(Spatial localization data)
»»
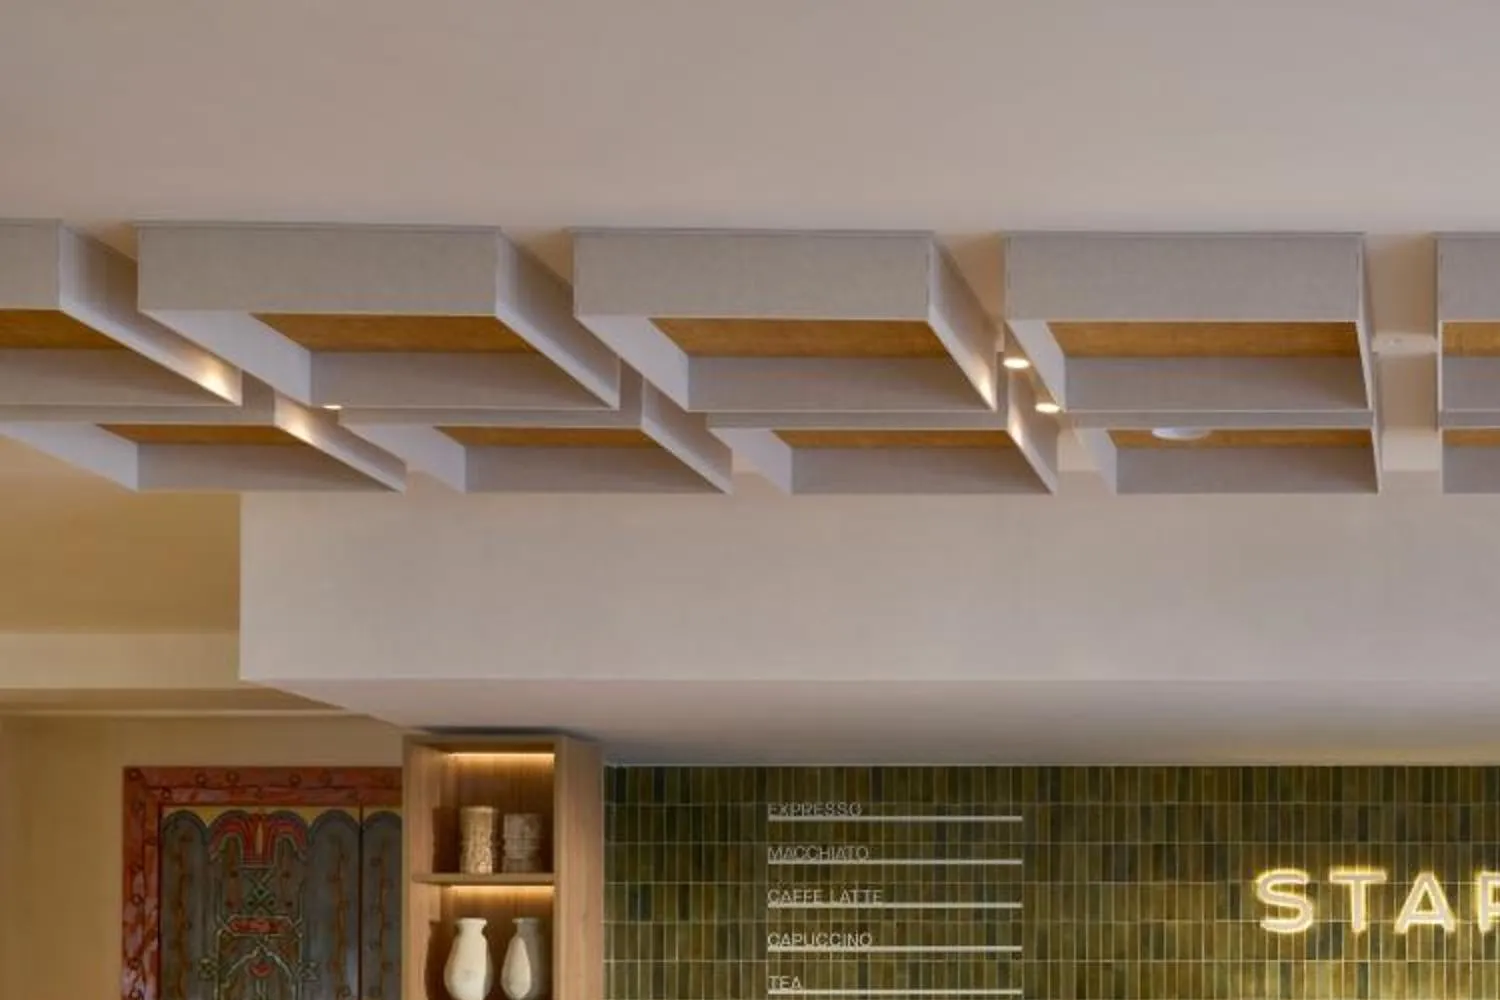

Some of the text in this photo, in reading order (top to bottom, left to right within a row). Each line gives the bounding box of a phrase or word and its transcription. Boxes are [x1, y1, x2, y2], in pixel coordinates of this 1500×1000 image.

[767, 802, 862, 817] EXPRESSO
[767, 845, 870, 860] MACCHIATO
[767, 889, 883, 904] CAFFE LATTE
[767, 932, 873, 947] CAPUCCINO
[768, 975, 803, 990] TEA
««
| Problem description |
Please output every record above exactly. Leave the pictures out.

| Written reply |
Some of the text in this photo, in reading order (top to bottom, left to right within a row). Each line gives the bounding box of a phrase or word and its transcription. Boxes are [x1, y1, x2, y2], in pixel coordinates of this 1500×1000 image.

[767, 802, 862, 817] EXPRESSO
[767, 845, 870, 860] MACCHIATO
[767, 889, 883, 904] CAFFE LATTE
[767, 932, 873, 947] CAPUCCINO
[768, 975, 803, 990] TEA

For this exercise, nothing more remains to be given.